GPU system requirements (Linux, Windows only)

If you are planning to offload Java™ application processing to a general-purpose graphics processing unit (GPU), a series of hardware and software requirements must be satisfied.

Hardware requirements

  • Support for GPU processing is available on x86-64 systems and IBM® POWER® 8 systems that support NVIDIA Compute Unified Device Architecture (CUDA).
  • GPU adapters must have a minimum compute capability of 3.0. To determine the compute capability of a device, see https://developer.nvidia.com/cuda-gpus. The CUDA toolkit includes the sample programs deviceQuery and deviceQueryDrv that output the compute capability of devices in a system.
Note: If you have more than one GPU installed on your system and you want your application to target a specific GPU, you can use the CUDA environment variable CUDA_VISIBLE_DEVICES to control device visibility. For more information about this variable, see CUDA environment variables on the NVIDIA website.

Software requirements

Your operating system must be supported by J9 and the CUDA Toolkit:
  • GPU devices require the CUDA Toolkit 7.5, which provides a compiler, math libraries, and tools for debugging and tuning application performance. For a list of supported operating systems, and to download the toolkit, see https://developer.nvidia.com/cuda-toolkit.

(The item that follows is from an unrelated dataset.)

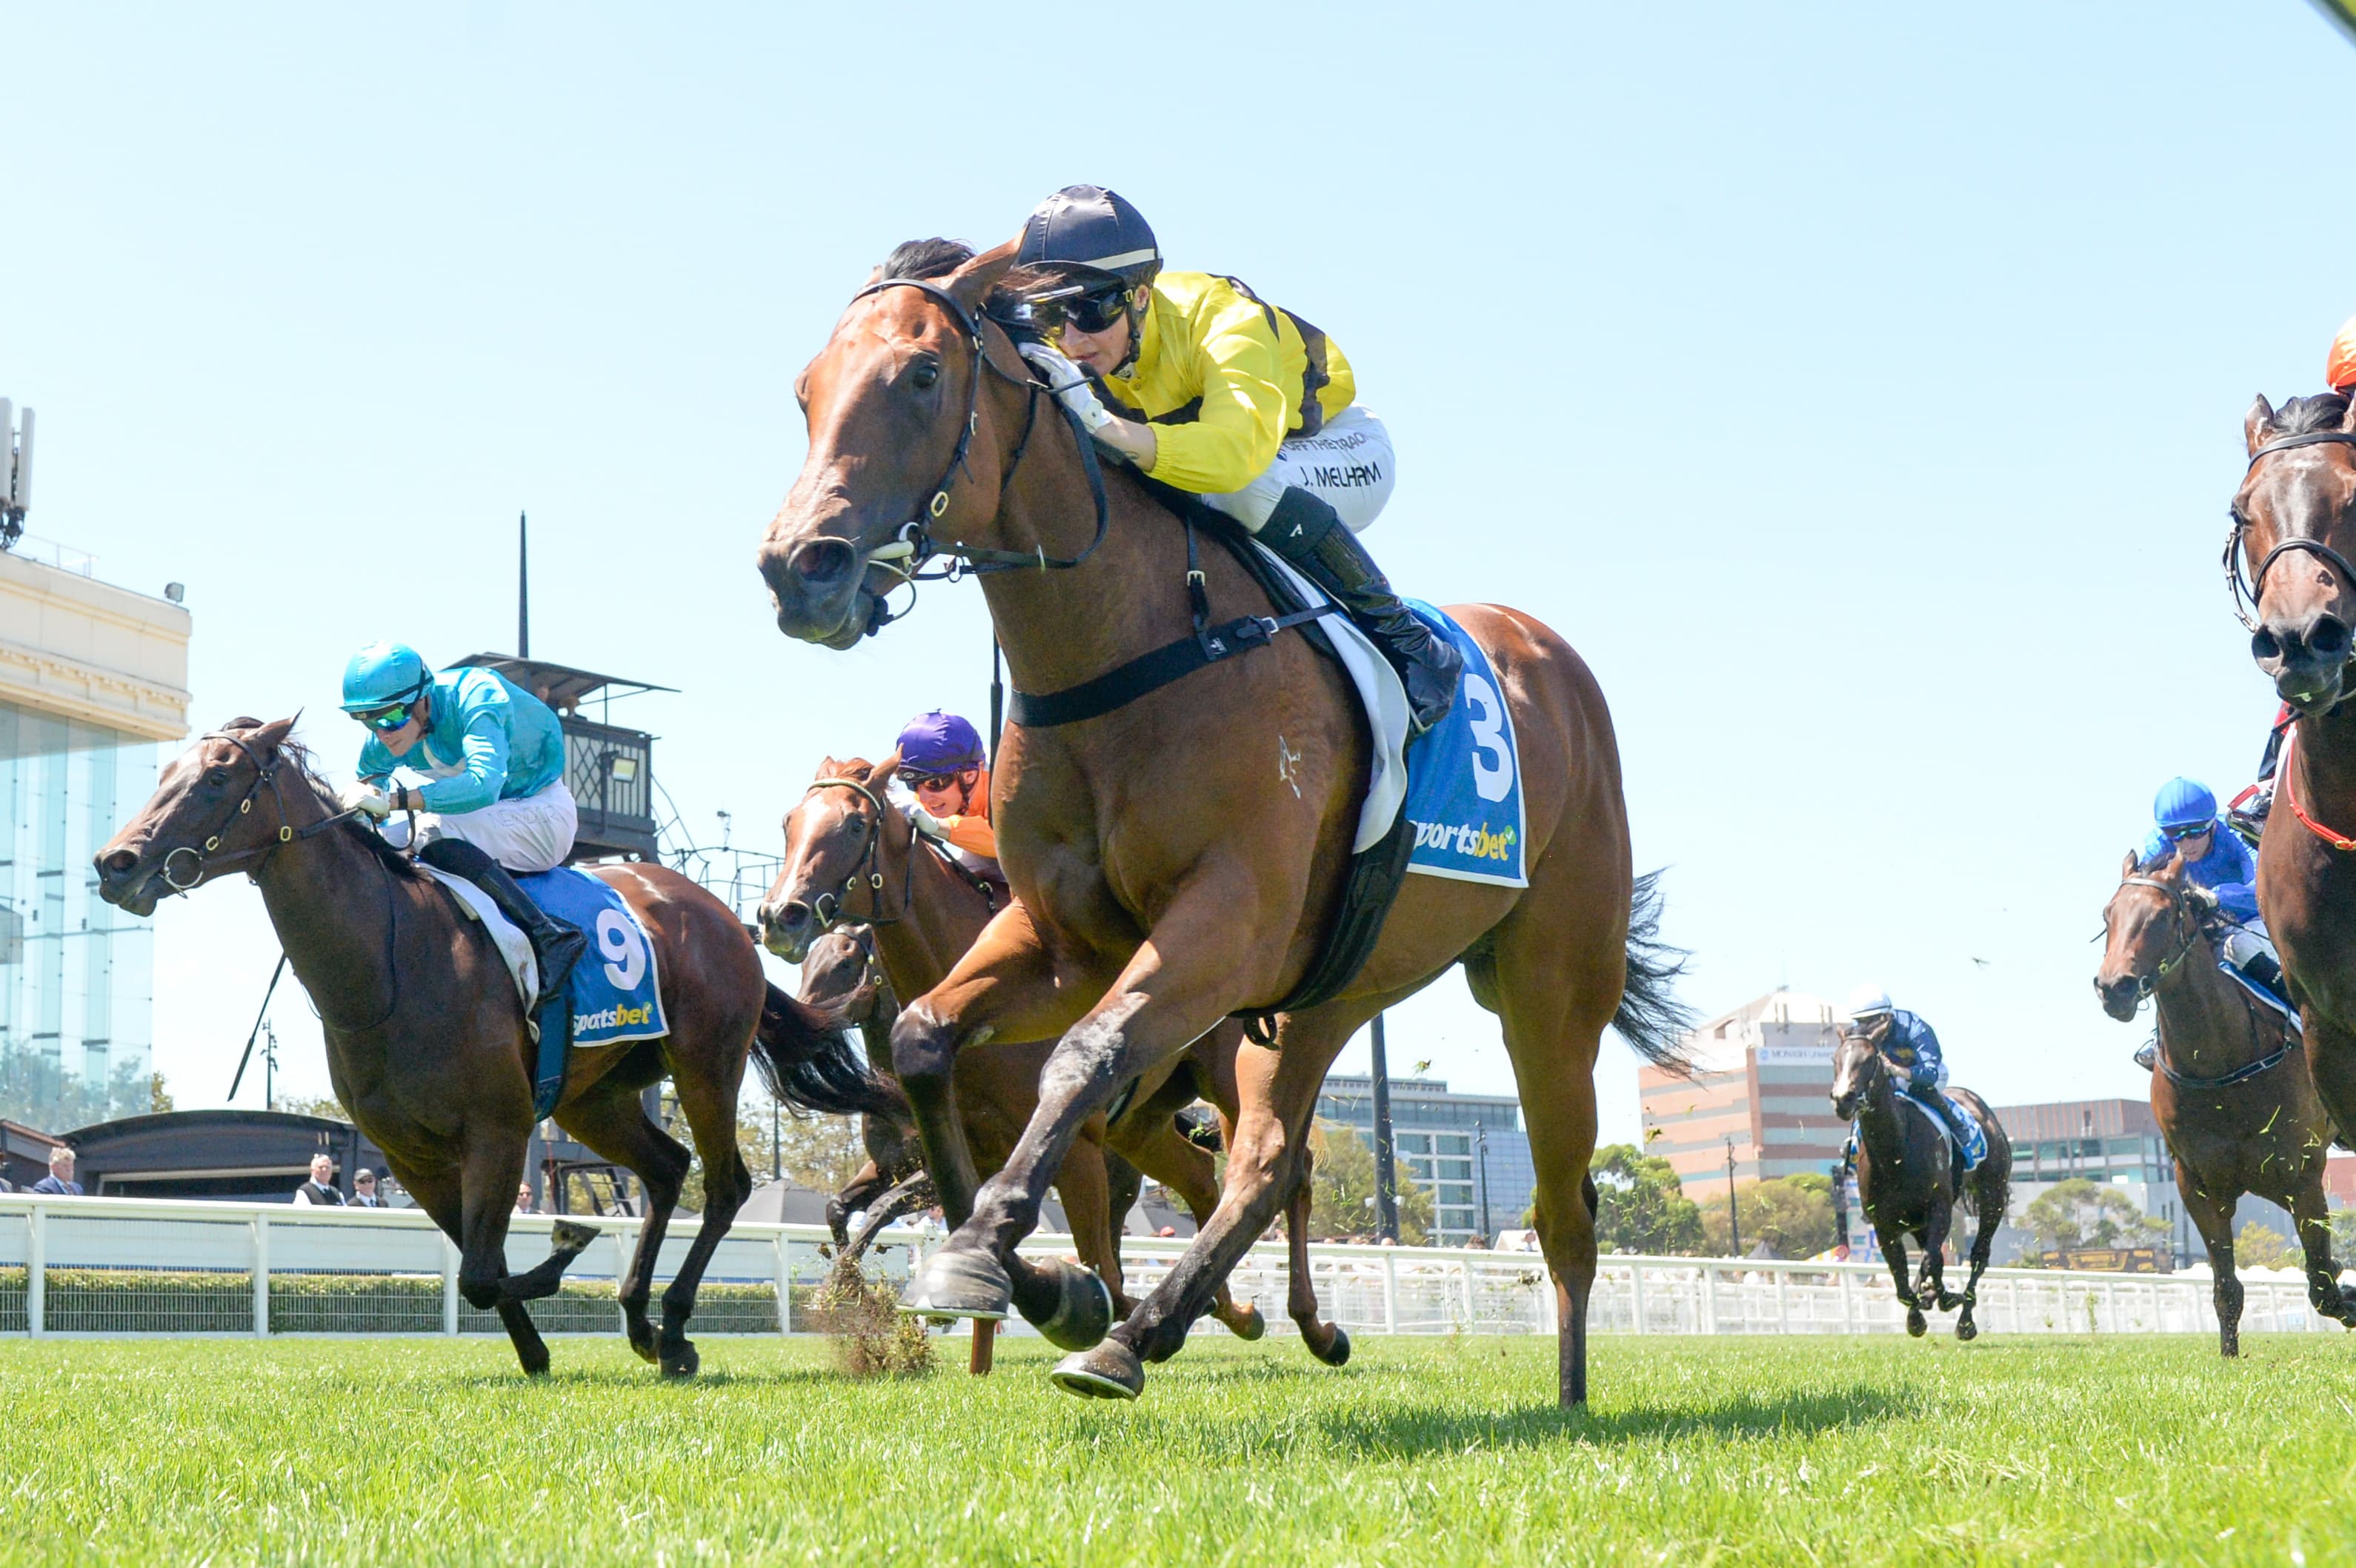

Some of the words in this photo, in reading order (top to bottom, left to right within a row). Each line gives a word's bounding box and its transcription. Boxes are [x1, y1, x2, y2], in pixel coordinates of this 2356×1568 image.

Just-In-Time Compiler (JIT) based GPU support requires the NVIDIA Virtual Machine (NVVM) library, and the NVIDIA Management Library (NVML). NVVM is part of the CUDA Toolkit, and the runtime version of NVML is packaged with NVIDIA display drivers. You can download the latest GPU drivers from NVIDIA Driver Downloads.

You must include a path to the CUDA run time in the appropriate environment variable:
  • Linux®: LD_LIBRARY_PATH
  • Windows: PATH
For JIT-based GPU support, this variable must also include paths to the NVVM and NVML libraries. For information about setting this variable, see Enabling application processing on a graphics processing unit (Linux, Windows only).